V_ind <- exp(data[data$Cov_WT==78,'Param_log.V.'])
k_ind <- exp(data[data$Cov_WT==78,'Param_log.k.'])

# parameter values
parameters <- data.frame(id  = (1:N),
                         V  = V_ind[1:N],
                         k  = k_ind[1:N],
                         k12 = 0.0303,
                         k21 = 0.1)

# run simulation of N individual, parameter k is drawn from its distribution
outparam <- c("V","k","k12","k21")
res2 <- simulx(model = structuralModelFile,
 output = list(outCc,outparam),
 treatment = adm,
 parameter = parameters)

# calculate the percentiles and plot
pPrct2 <- prctilemlx(res2$Cc, band=list(number=9,level=90)) +
 scale_x_continuous("Time (hr)") + 
 scale_y_continuous("Concentration (mg/L)") + ylim(c(0,7.5))

print(pPrct2)

With the newly optimized treatment, there are 82% chances that the treatment is effective and 100% chances that it is safe, which is an improvement compared to the treatment proposed using the covariates only.

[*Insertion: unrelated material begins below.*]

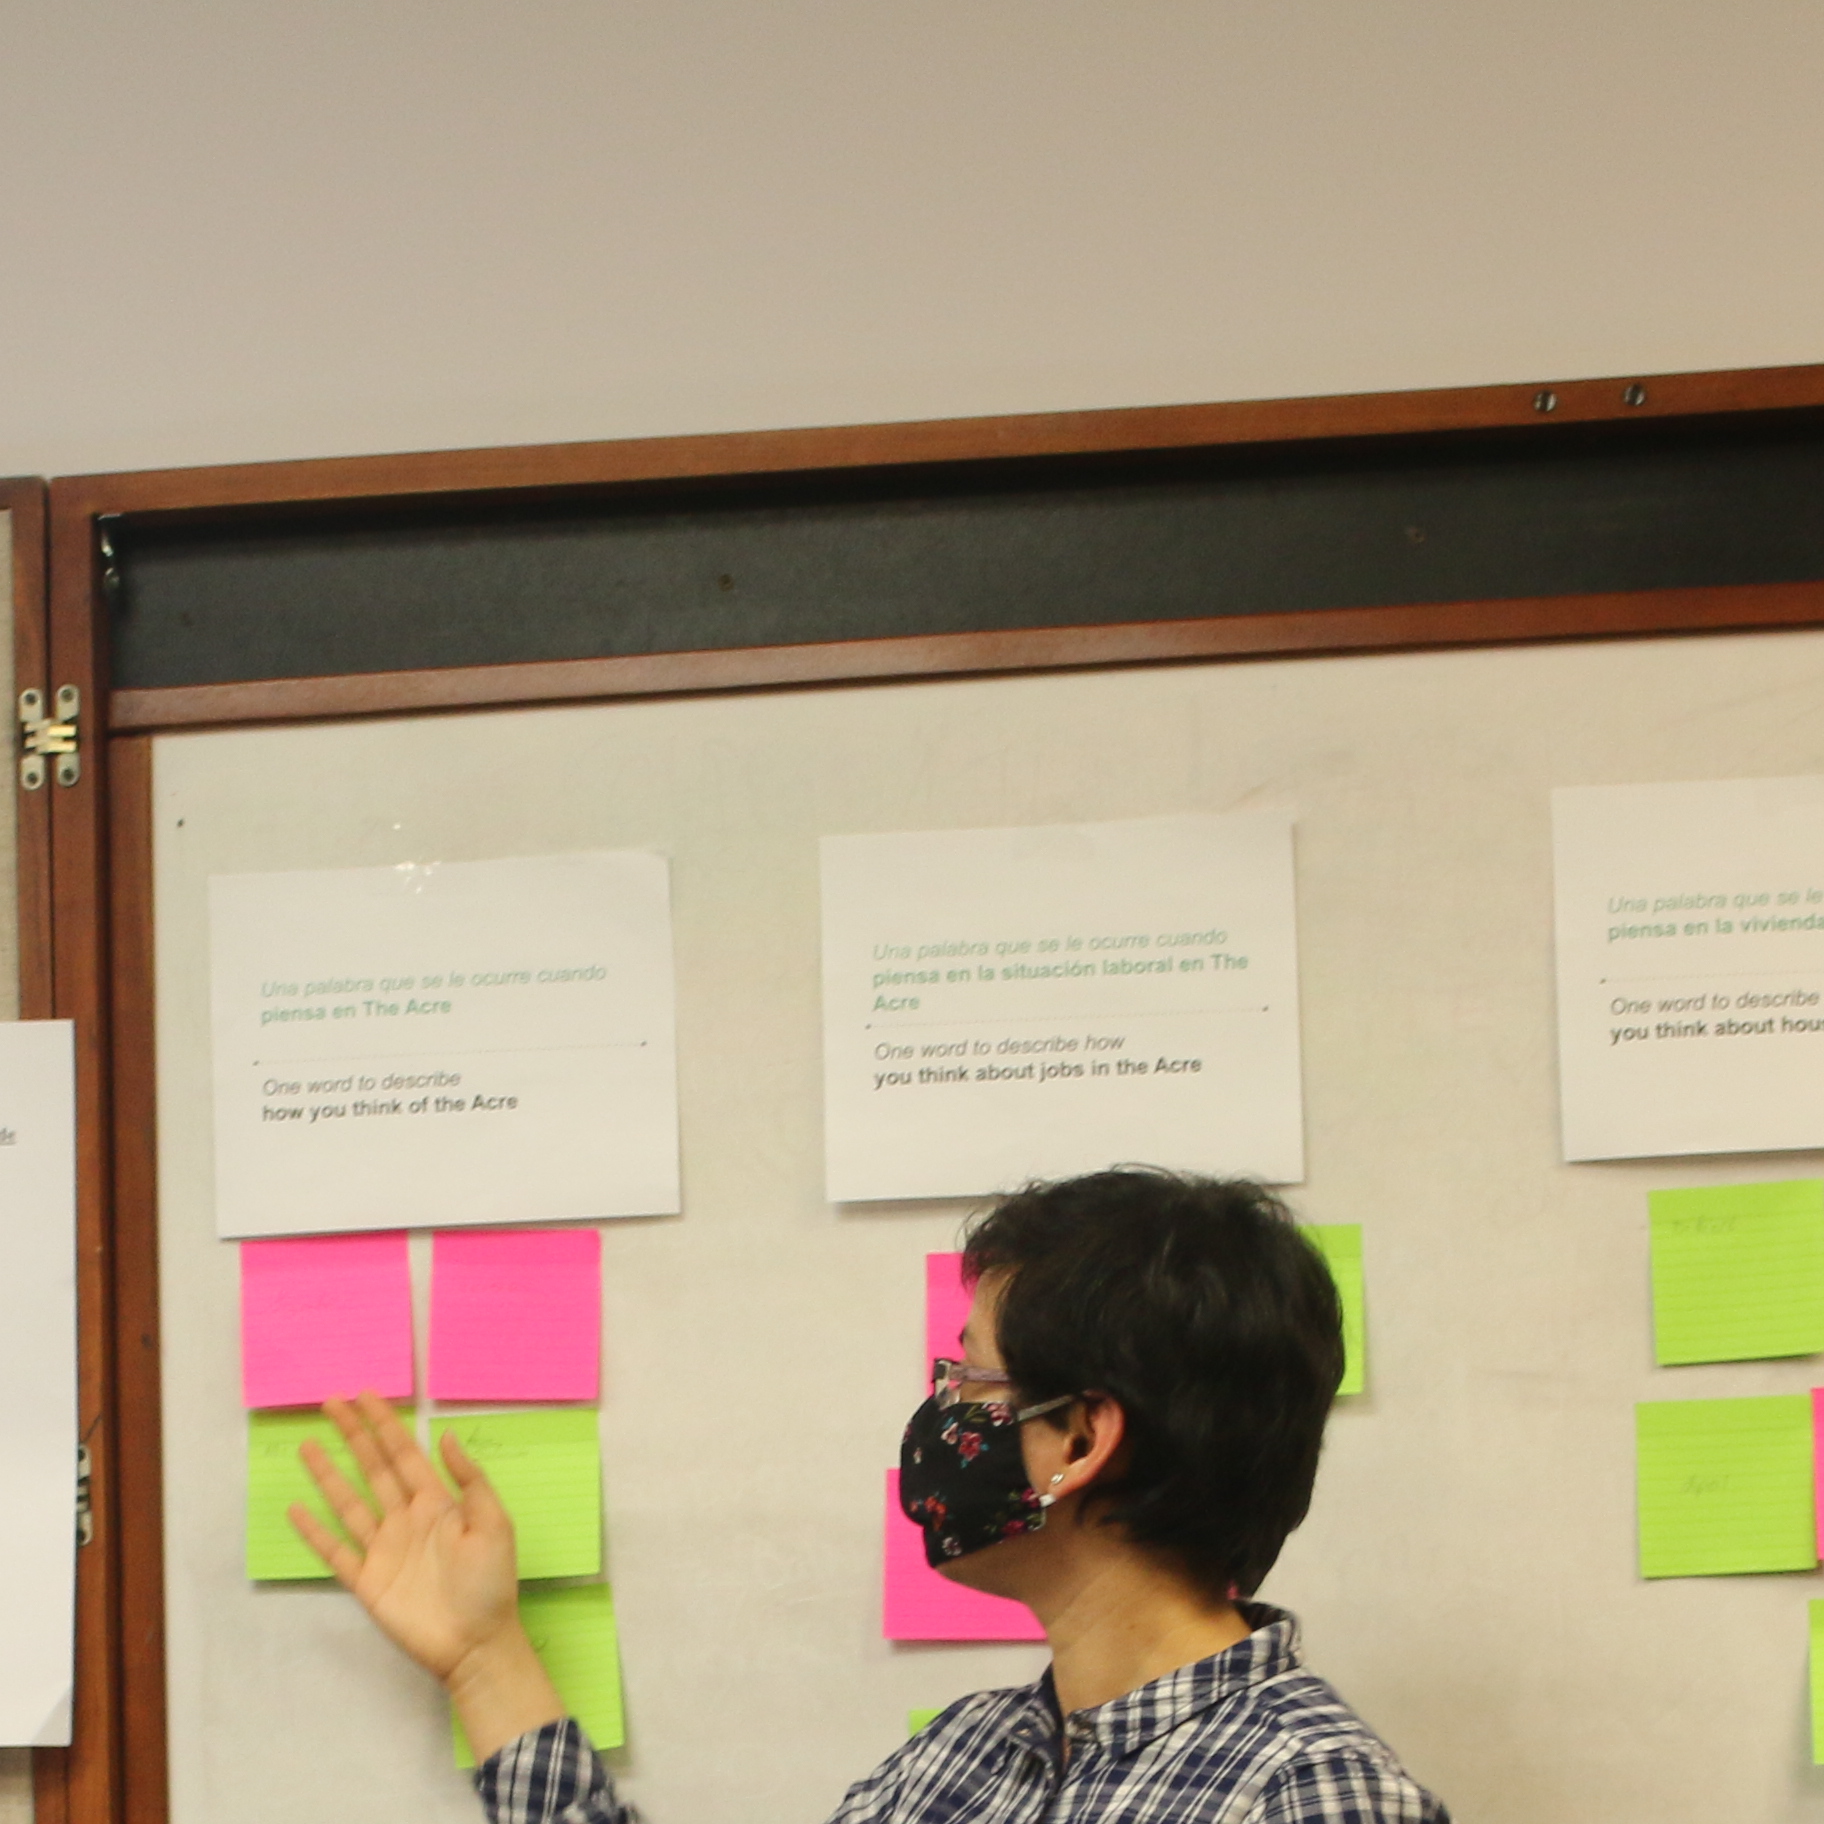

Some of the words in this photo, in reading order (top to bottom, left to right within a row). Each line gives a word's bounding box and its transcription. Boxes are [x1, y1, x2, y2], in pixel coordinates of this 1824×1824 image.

A note on individual predictions for individualized dosing

In the previous sections, we have seen three ways of predicting the concentration time course of an individual:

If no covariate information is available for this individual, we only know that the concentration time course for the individual will be within the prediction interval of the entire population, which is pretty large (tan color in the figure below).
If the covariates of this individual are available, we can use them to get a reduced distribution of the parameters k and V for this individual. The associated concentration prediction (bleu color in the figure) is narrower compared to the first case.
If in addition to the covariates, a few measures can be made (drug monitoring), the conditional distribution of parameters k and V (given theses measures and the previously estimated population parameters) can be obtained. This leads to an even more narrow concentration prediction interval (brown in the figure).

Note that for this figure we have used a more typical individual without renal impairment (CLCR=80 mL/min).

Conclusion

This example shows how a personalized treatment can be proposed using population PK modeling and simulation, and how the MonolixSuite software components facilitate an efficient implementation. The modeling/simulation approach permits to precisely assess the trade-off between the prediction precision and the costs of information acquisition. Covariates are usually relatively cheap to measure but in the present case lead to only a moderate reduction of the prediction interval. On the other hand, therapeutic drug monitoring is more expensive but permits a strong narrowing of the concentration prediction interval, which in turn permits a better determination of an effective and safe dosing regimen.